*TASK*:
Copy the data that follows exactly, and include none of its images.
[[ AVAILABLE DATA, beginning ]]
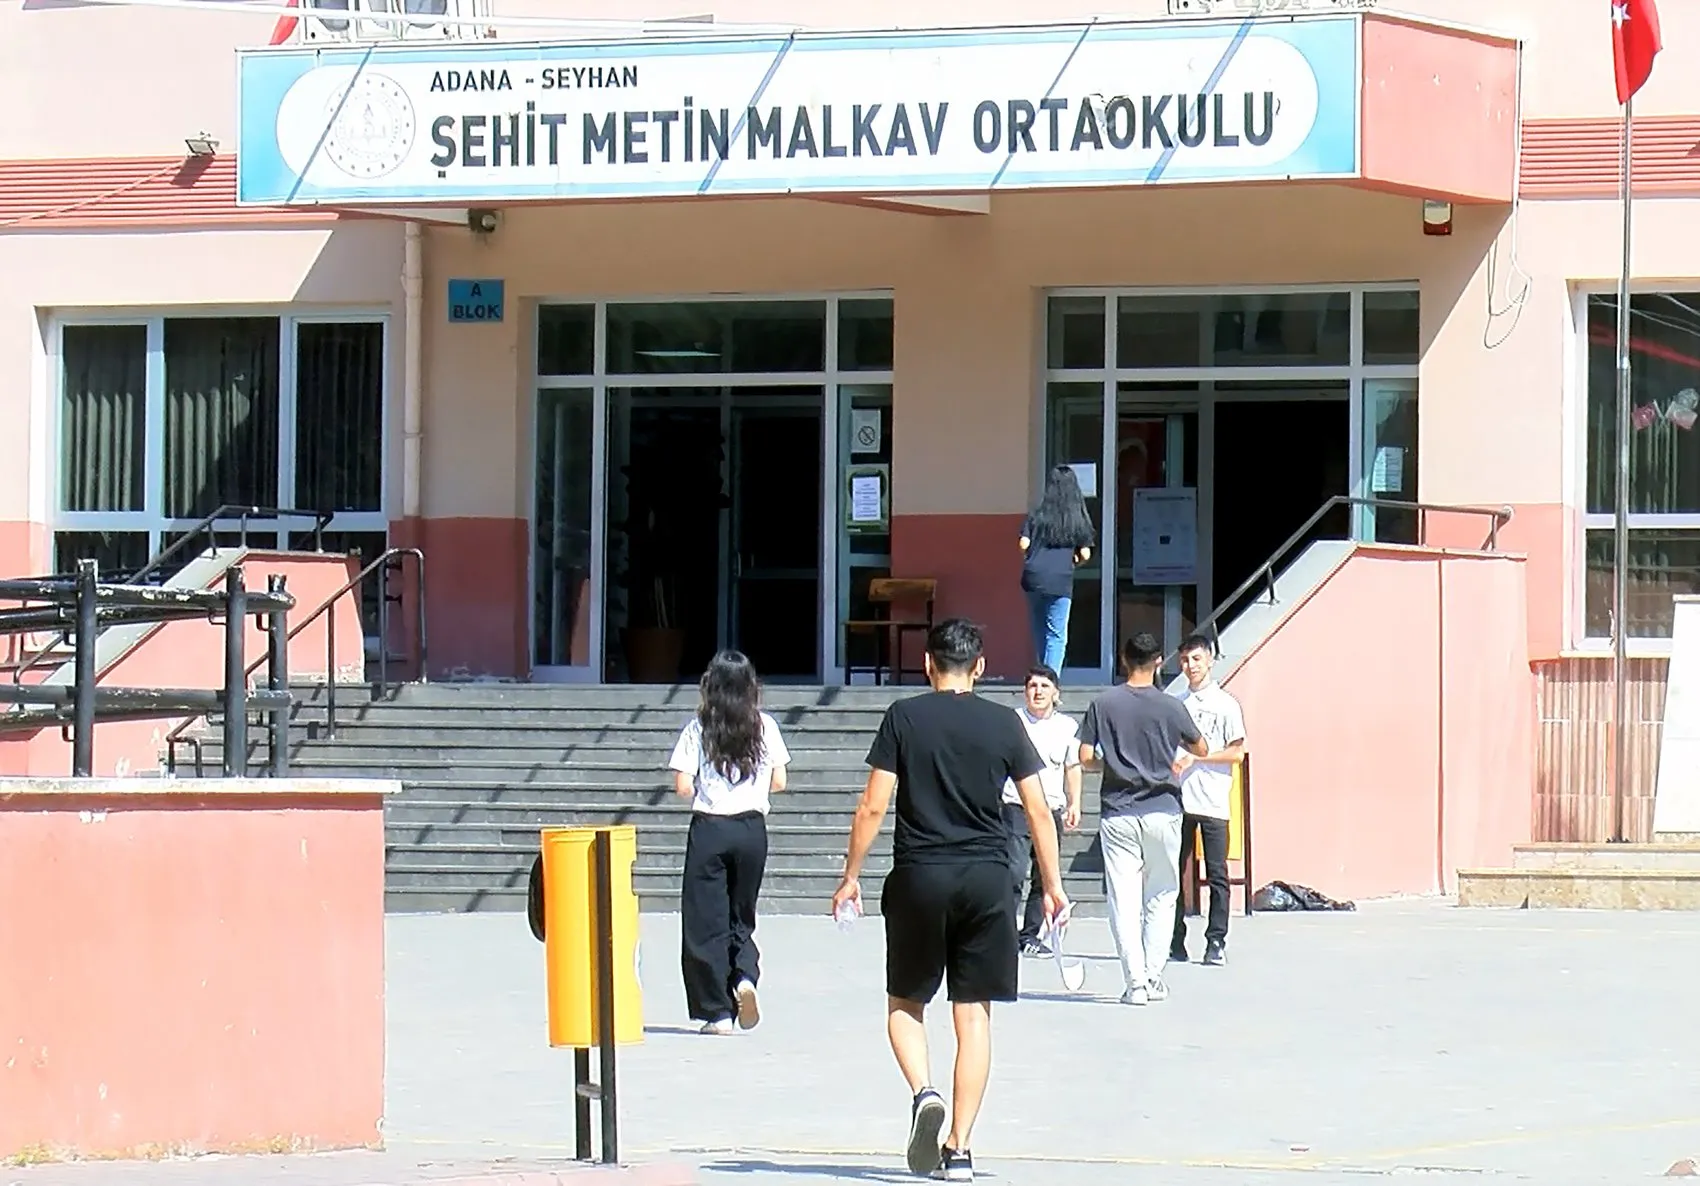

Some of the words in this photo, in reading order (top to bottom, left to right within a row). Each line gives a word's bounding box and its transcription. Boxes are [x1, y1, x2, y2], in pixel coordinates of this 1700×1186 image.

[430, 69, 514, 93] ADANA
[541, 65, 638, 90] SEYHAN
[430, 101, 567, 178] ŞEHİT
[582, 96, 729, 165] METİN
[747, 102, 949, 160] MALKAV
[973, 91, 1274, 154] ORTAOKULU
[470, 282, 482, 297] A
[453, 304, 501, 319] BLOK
[[ AVAILABLE DATA, end ]]
*RESPONSE*:
Some of the words in this photo, in reading order (top to bottom, left to right within a row). Each line gives a word's bounding box and its transcription. Boxes are [x1, y1, x2, y2], in pixel coordinates of this 1700×1186 image.

[430, 69, 514, 93] ADANA
[541, 65, 638, 90] SEYHAN
[430, 101, 567, 178] ŞEHİT
[582, 96, 729, 165] METİN
[747, 102, 949, 160] MALKAV
[973, 91, 1274, 154] ORTAOKULU
[470, 282, 482, 297] A
[453, 304, 501, 319] BLOK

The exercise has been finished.